§ THE TASK:
An exact copy is all that is wanted: the lines from the one with "this 1600×1067 image." through the end of the listing below, both included, minus any pictures.

** EXTRACTED INFORMATION follows **

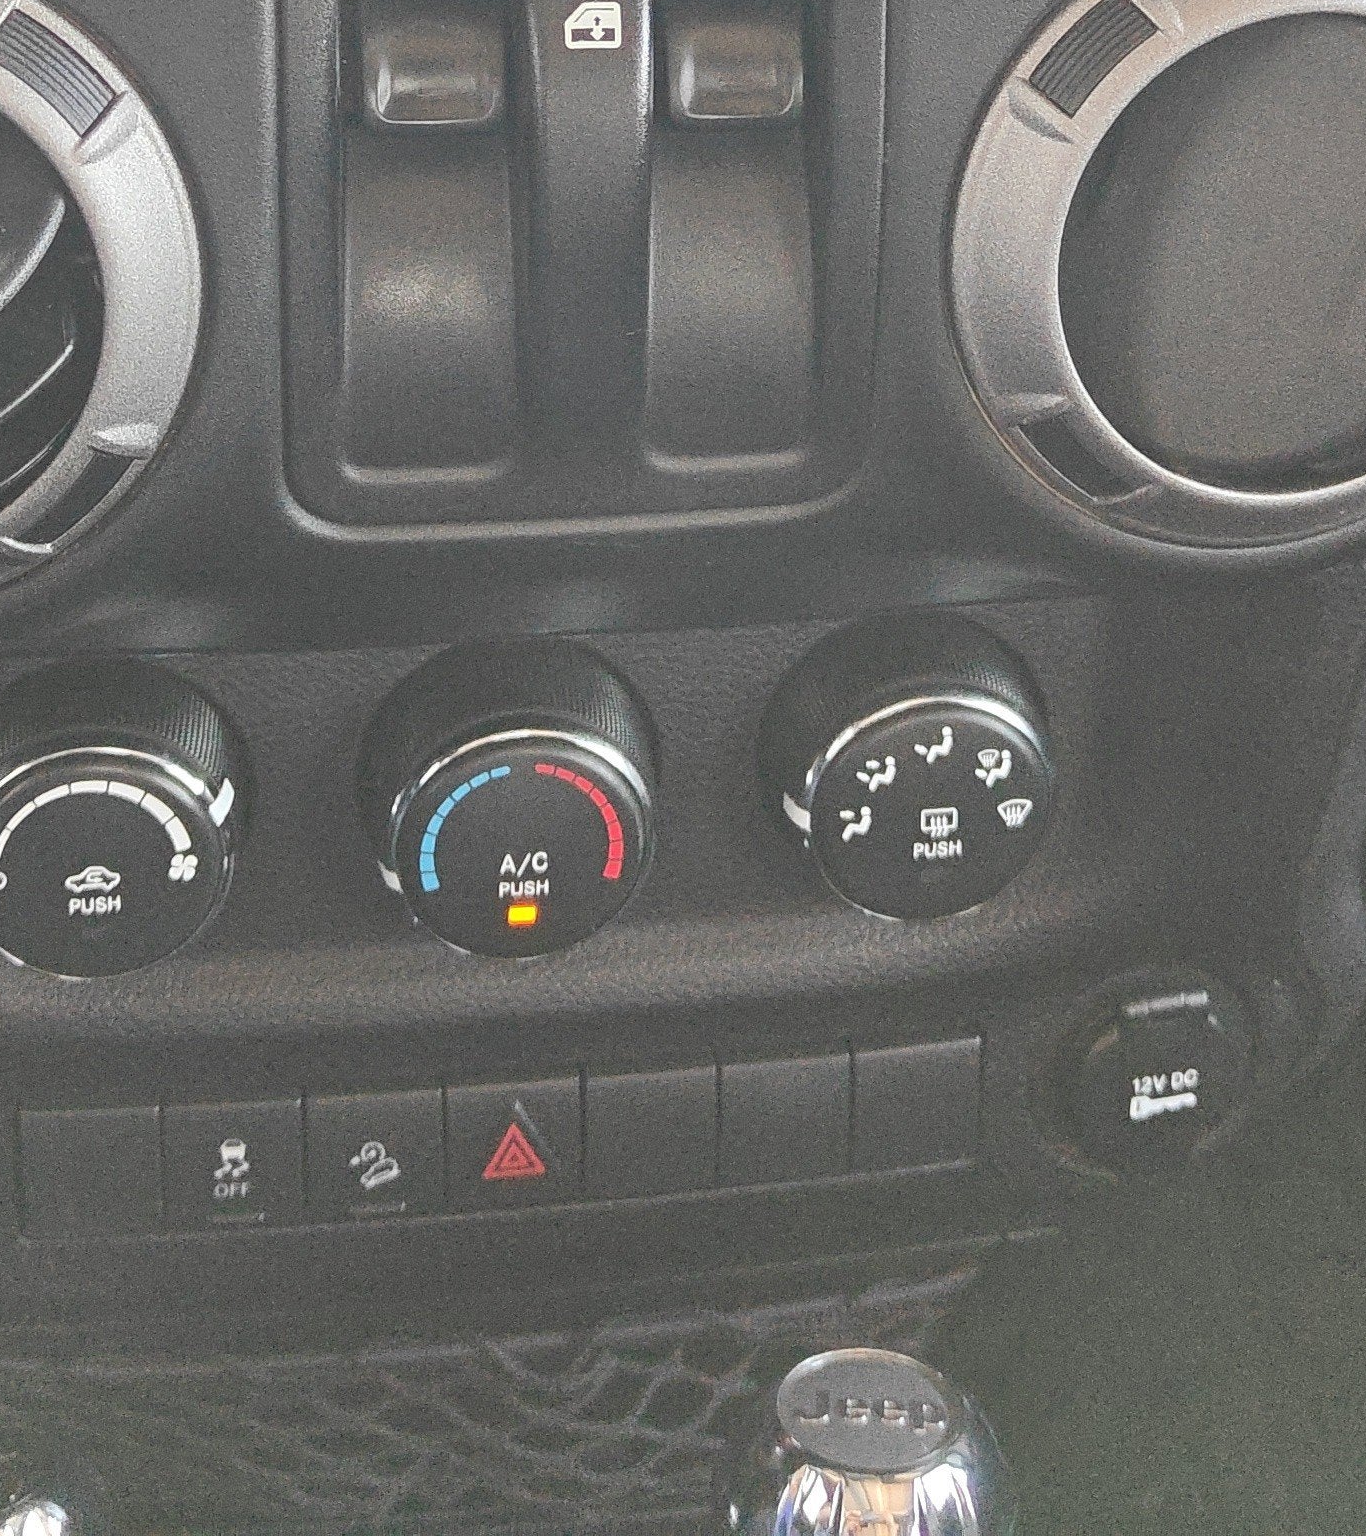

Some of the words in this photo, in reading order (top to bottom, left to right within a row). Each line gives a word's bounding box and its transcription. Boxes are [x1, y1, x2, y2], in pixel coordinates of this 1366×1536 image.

[913, 840, 963, 860] PUSH
[500, 851, 549, 877] A/C
[498, 879, 550, 898] PUSH
[68, 894, 122, 915] PUSH
[1132, 1074, 1167, 1096] 12V
[1171, 1068, 1199, 1092] DC
[799, 1389, 946, 1436] Jeep
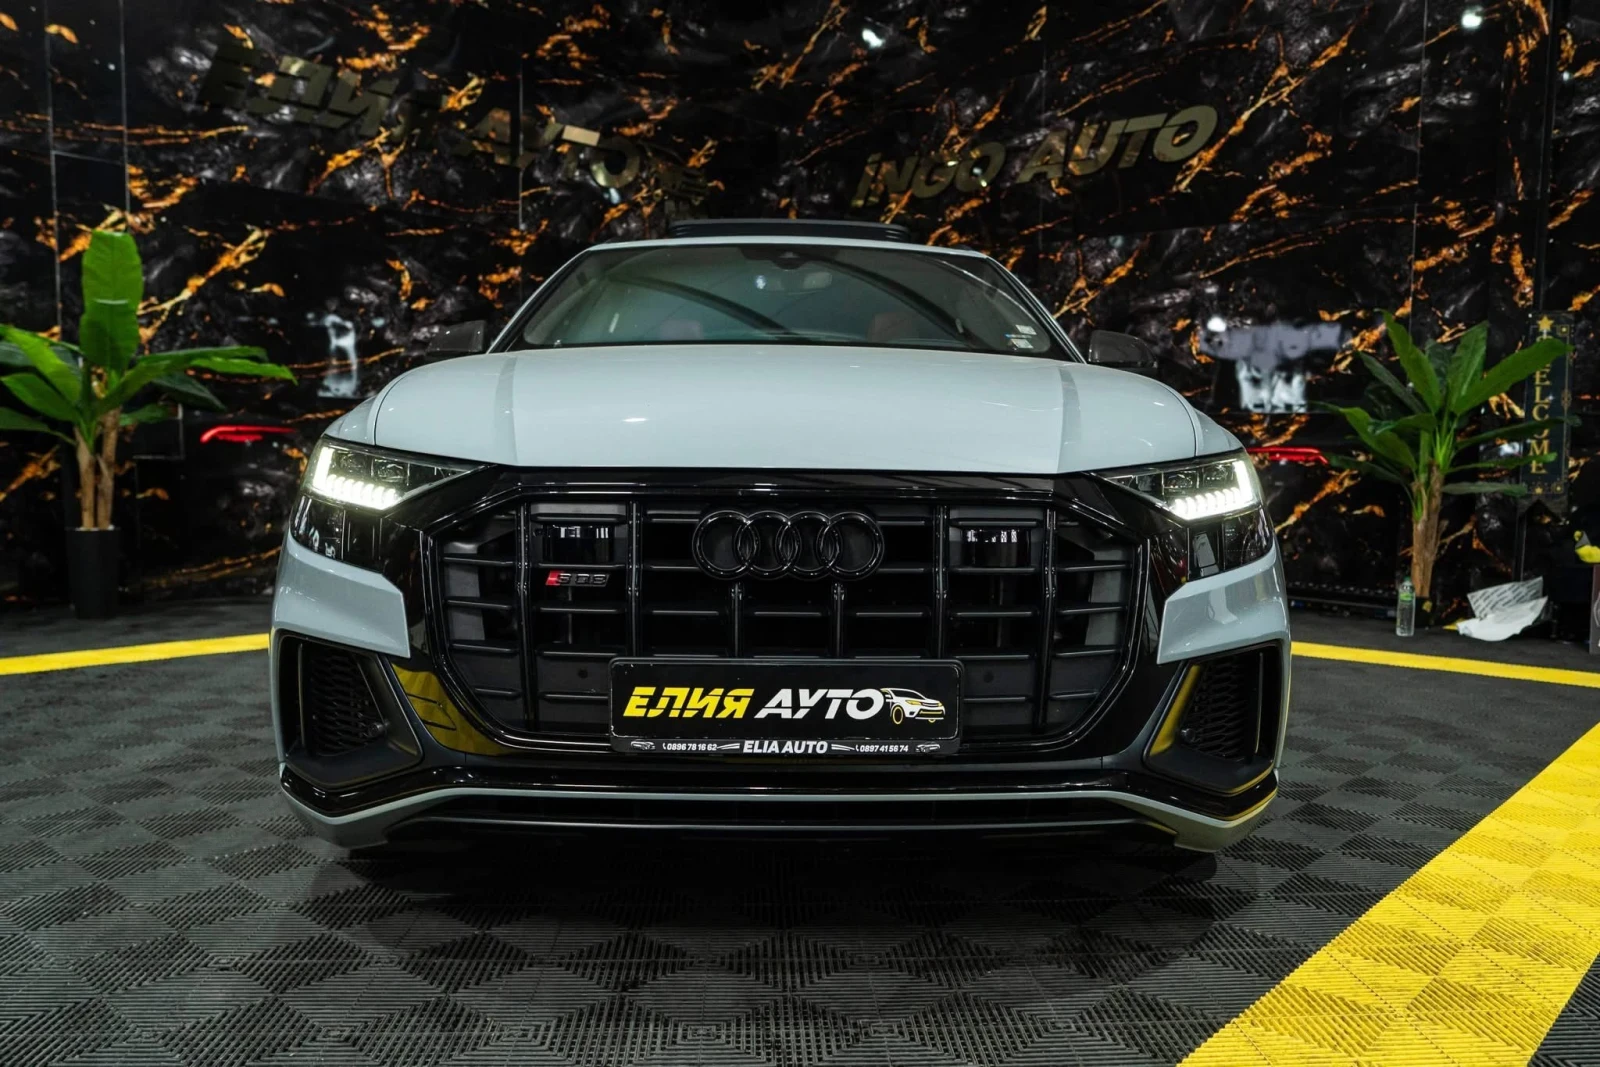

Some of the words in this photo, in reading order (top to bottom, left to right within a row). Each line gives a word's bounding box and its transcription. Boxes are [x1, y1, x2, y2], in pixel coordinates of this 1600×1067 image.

[1014, 105, 1219, 184] AUTO
[1529, 356, 1551, 475] ELCME
[623, 686, 754, 719] ЕЛИЯ
[754, 688, 884, 720] АУТО
[667, 742, 686, 751] 0896
[687, 743, 697, 751] 78
[698, 743, 706, 751] 16
[708, 743, 717, 751] 62
[743, 740, 779, 753] ELIA
[781, 740, 828, 754] AUTO
[859, 744, 879, 753] 0897
[879, 744, 889, 753] 41
[889, 744, 898, 753] 56
[899, 744, 909, 753] 74
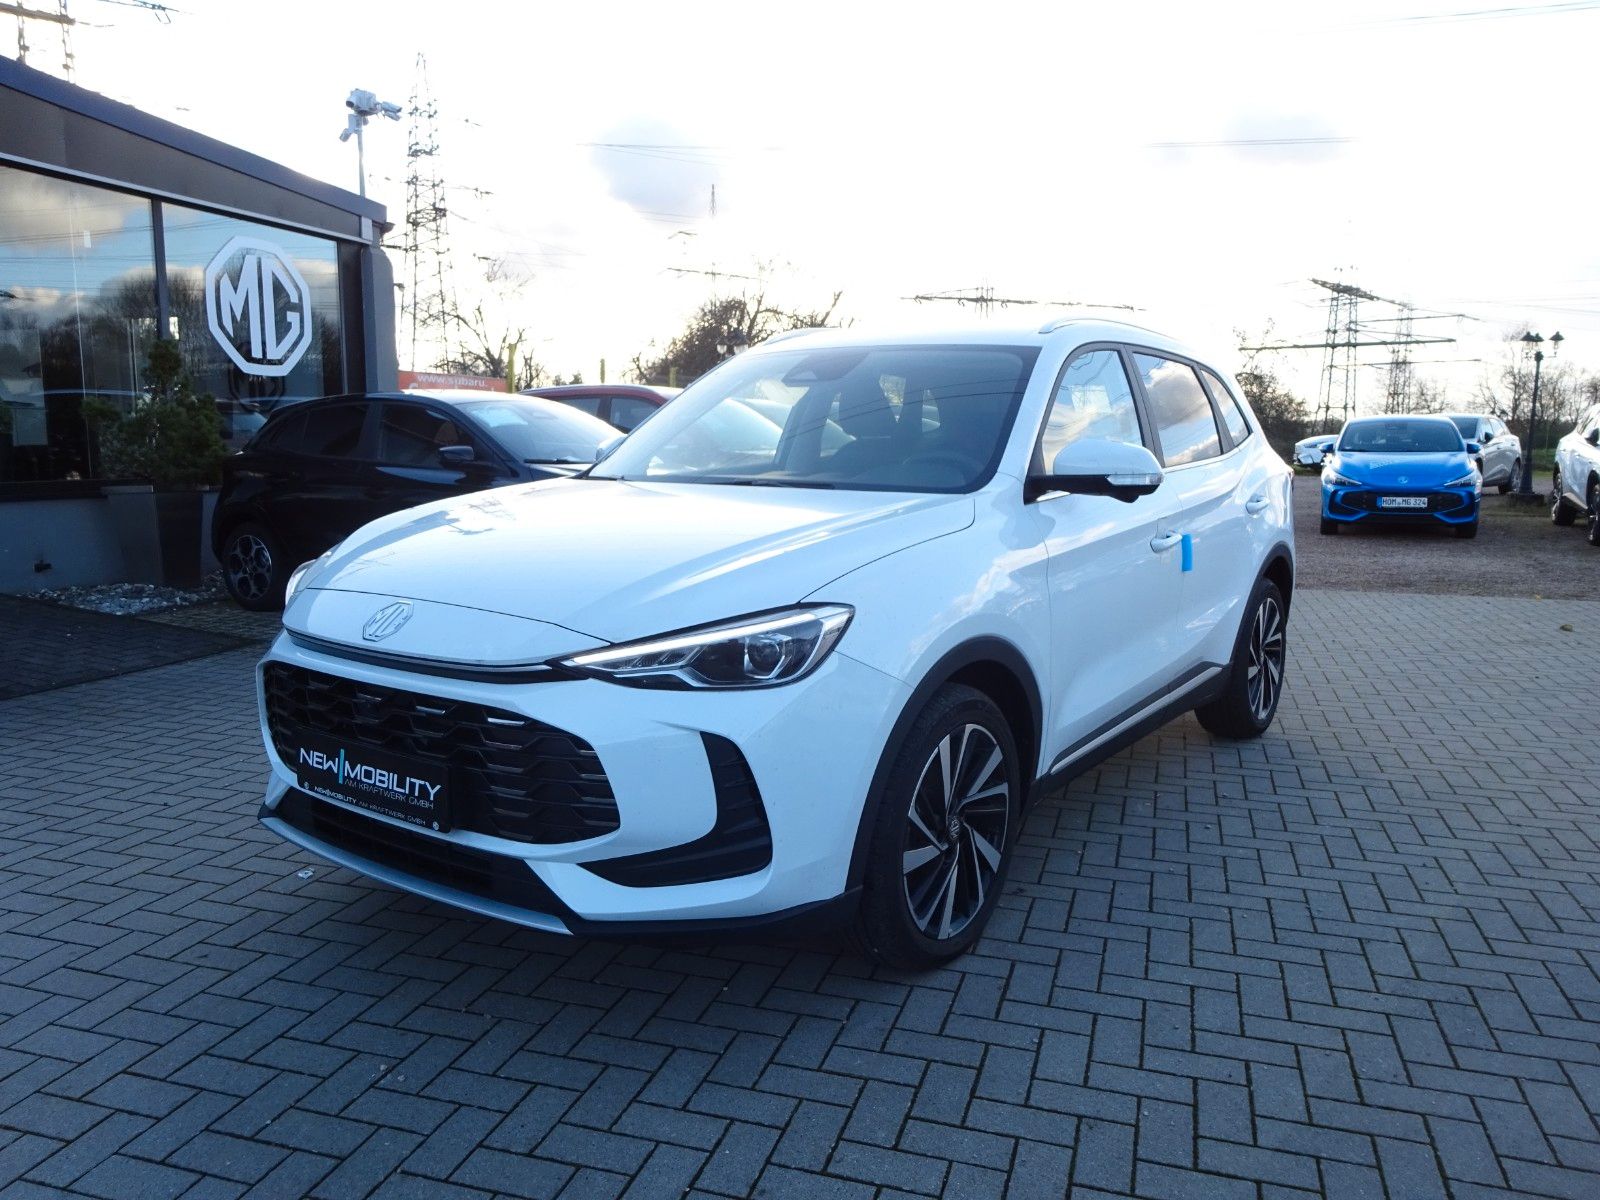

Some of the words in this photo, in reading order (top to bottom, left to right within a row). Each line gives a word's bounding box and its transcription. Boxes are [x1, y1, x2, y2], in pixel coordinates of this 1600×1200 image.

[219, 254, 301, 360] MG
[1401, 498, 1412, 506] MG
[1412, 498, 1427, 506] 324
[365, 603, 411, 638] MG
[344, 760, 442, 801] MOBILITY
[344, 778, 357, 789] AM
[358, 782, 407, 802] KRAFTWERK
[408, 796, 434, 810] GMBH
[369, 804, 406, 819] KRAFTWERK
[407, 814, 427, 826] GMBH
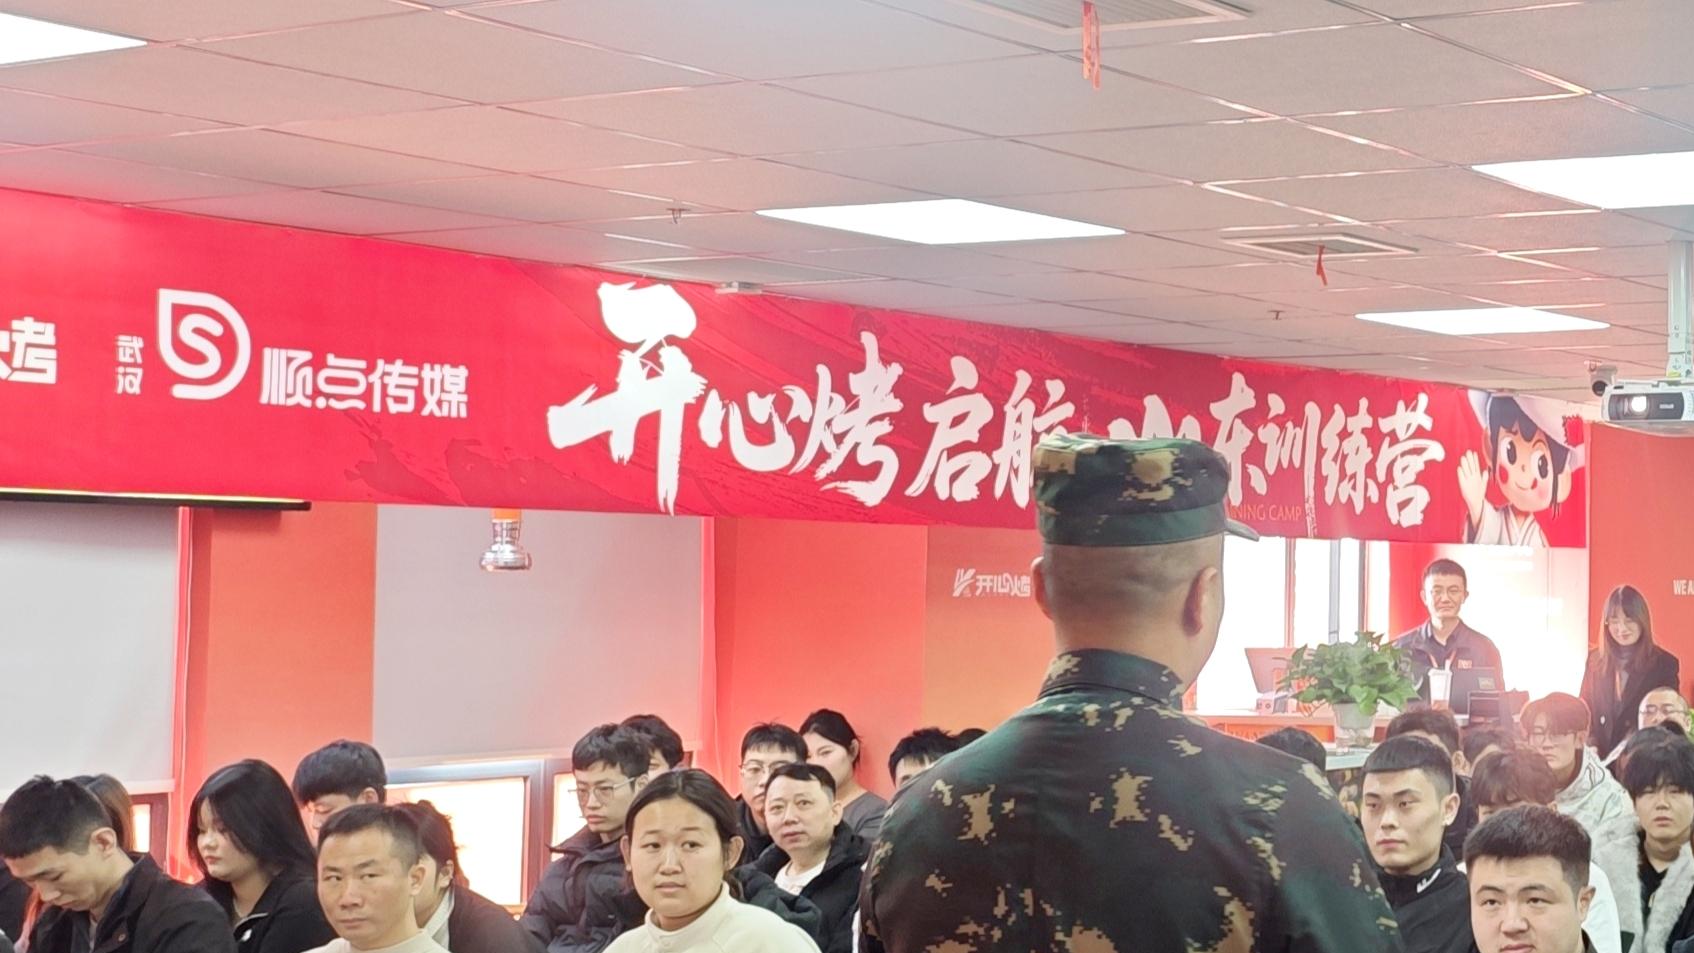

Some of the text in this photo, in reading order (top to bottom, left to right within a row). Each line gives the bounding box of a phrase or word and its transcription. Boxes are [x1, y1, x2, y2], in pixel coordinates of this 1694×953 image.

[115, 334, 145, 395] 武汉
[259, 346, 469, 418] 顺点传媒
[1268, 503, 1303, 521] CAMP
[1673, 580, 1687, 595] WE

** End of EXTRACTED INFORMATION **

§ EXPECTED OUTPUT:
Some of the words in this photo, in reading order (top to bottom, left to right within a row). Each line gives a word's bounding box and its transcription. Boxes are [x1, y1, x2, y2], in pixel coordinates of this 1600×1067 image.

[1014, 105, 1219, 184] AUTO
[1529, 356, 1551, 475] ELCME
[623, 686, 754, 719] ЕЛИЯ
[754, 688, 884, 720] АУТО
[667, 742, 686, 751] 0896
[687, 743, 697, 751] 78
[698, 743, 706, 751] 16
[708, 743, 717, 751] 62
[743, 740, 779, 753] ELIA
[781, 740, 828, 754] AUTO
[859, 744, 879, 753] 0897
[879, 744, 889, 753] 41
[889, 744, 898, 753] 56
[899, 744, 909, 753] 74

Some of the words in this photo, in reading order (top to bottom, left to right within a row). Each line gives a word's bounding box and its transcription. Boxes are [x1, y1, x2, y2], in pixel coordinates of this 1600×1200 image.

[219, 254, 301, 360] MG
[1401, 498, 1412, 506] MG
[1412, 498, 1427, 506] 324
[365, 603, 411, 638] MG
[344, 760, 442, 801] MOBILITY
[344, 778, 357, 789] AM
[358, 782, 407, 802] KRAFTWERK
[408, 796, 434, 810] GMBH
[369, 804, 406, 819] KRAFTWERK
[407, 814, 427, 826] GMBH

Some of the text in this photo, in reading order (top to bottom, left to right within a row). Each line gives the bounding box of a phrase or word and its transcription. Boxes are [x1, y1, x2, y2], in pixel coordinates of this 1694×953 image.

[115, 334, 145, 395] 武汉
[259, 346, 469, 418] 顺点传媒
[1268, 503, 1303, 521] CAMP
[1673, 580, 1687, 595] WE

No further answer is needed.